(2014.02.12 update Added about reinstallation of Boost and installation of PIL) (Updated on February 19, 2014 Added structural formula drawing using Cairo) (Updated on March 11, 2014) Updated structural formula drawing using Cairo)
As a tool for cheminformatics OpenBabel (C ++) and CDK (Java) are famous as open source, RDKit can be used in Python, so you only need to write a relatively simple script It is convenient because you can draw, search, and analyze chemical structural formulas.
When using Homebrew Python, don't forget to put it in your PATH with .bash_profile etc.
If NumPy is not included, enter it.
pip install numpy
Volunteer Homebrew formura is open to the public, so tap it and install it. https://github.com/edc/homebrew-rdkit
brew tap edc/homebrew-rdkit
brew install rdkit
Dependent modules cmake, wget, swig, boost, and rdkit are installed. It takes some time to install boost and rdkit.

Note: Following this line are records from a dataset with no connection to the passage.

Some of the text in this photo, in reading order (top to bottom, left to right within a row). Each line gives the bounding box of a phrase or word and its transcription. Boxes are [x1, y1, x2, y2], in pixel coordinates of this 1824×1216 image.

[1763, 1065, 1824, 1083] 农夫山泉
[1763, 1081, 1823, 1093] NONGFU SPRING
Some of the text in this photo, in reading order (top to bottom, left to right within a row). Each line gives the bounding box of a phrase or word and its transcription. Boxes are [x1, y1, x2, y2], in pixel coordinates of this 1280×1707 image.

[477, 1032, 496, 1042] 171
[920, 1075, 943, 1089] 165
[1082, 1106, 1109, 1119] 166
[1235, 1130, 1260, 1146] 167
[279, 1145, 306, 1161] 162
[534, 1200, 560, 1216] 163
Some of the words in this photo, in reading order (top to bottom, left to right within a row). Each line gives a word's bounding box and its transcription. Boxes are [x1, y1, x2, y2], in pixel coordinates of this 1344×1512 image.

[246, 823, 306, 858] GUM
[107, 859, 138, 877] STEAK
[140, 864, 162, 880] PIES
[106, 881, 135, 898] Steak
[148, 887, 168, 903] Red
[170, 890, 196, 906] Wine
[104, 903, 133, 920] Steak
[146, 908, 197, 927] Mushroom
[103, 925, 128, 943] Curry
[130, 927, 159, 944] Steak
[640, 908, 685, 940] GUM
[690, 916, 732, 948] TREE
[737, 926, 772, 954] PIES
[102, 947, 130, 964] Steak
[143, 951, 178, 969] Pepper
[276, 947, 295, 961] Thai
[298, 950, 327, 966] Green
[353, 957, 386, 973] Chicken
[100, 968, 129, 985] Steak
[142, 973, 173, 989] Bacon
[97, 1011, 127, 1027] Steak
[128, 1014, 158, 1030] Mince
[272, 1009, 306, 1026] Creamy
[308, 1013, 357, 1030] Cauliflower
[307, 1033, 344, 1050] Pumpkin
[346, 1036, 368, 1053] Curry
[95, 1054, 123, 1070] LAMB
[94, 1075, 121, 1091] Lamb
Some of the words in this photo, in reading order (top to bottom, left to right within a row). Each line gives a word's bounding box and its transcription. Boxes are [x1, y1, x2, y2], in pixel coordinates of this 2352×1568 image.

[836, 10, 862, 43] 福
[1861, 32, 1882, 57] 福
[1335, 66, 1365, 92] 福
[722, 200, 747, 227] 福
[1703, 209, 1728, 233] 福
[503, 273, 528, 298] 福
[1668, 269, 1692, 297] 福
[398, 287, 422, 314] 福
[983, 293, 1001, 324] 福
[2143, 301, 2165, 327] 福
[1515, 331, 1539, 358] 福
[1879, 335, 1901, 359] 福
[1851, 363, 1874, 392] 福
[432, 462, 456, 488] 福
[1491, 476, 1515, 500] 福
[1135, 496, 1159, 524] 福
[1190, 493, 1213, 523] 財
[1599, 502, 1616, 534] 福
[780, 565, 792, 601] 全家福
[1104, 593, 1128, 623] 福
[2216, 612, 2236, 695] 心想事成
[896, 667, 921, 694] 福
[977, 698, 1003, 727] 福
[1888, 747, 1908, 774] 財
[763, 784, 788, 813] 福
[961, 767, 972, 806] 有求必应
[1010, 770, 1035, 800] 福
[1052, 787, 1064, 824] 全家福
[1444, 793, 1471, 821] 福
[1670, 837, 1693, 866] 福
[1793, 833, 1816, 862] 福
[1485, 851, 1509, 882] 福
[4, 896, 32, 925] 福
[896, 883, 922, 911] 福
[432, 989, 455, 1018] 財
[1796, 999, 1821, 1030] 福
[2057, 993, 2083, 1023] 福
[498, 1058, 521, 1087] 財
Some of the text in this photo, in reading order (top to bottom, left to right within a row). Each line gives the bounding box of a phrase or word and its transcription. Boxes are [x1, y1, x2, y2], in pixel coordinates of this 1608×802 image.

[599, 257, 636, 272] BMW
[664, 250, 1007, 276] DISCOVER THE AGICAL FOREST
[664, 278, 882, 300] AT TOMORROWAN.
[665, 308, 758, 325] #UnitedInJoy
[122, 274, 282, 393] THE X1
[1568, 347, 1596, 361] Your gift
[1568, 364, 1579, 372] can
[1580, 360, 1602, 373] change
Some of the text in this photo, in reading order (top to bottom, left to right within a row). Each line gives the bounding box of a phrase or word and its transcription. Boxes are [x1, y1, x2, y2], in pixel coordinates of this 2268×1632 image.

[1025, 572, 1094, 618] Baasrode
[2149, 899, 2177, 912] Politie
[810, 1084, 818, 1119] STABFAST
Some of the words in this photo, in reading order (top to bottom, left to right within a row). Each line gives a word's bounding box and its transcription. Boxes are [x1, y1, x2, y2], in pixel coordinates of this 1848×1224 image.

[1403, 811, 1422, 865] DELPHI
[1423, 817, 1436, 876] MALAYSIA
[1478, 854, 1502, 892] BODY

If you are using Homebrew Python, you will get a Fatal Python error due to Boost. Build Boost from source and reinstall it with the following command.
brew uninstall boost
brew install boost --build-from-source
From the command line from rdkit import Chem If you can, the installation is successful.
PIL is required to display structural formula images.
pip install pillow
For example, the following code draws a chemical structural formula from SMILES and outputs it as PNG.
rdkittest.py
from rdkit import Chem
from rdkit.Chem import Draw
from rdkit.Chem import rdDepictor
mol = Chem.MolFromSmiles('CCC(CC)O[C@@H]1C=C(C[C@@H]([C@H]1NC(=O)C)[NH3+])C(=O)OCC')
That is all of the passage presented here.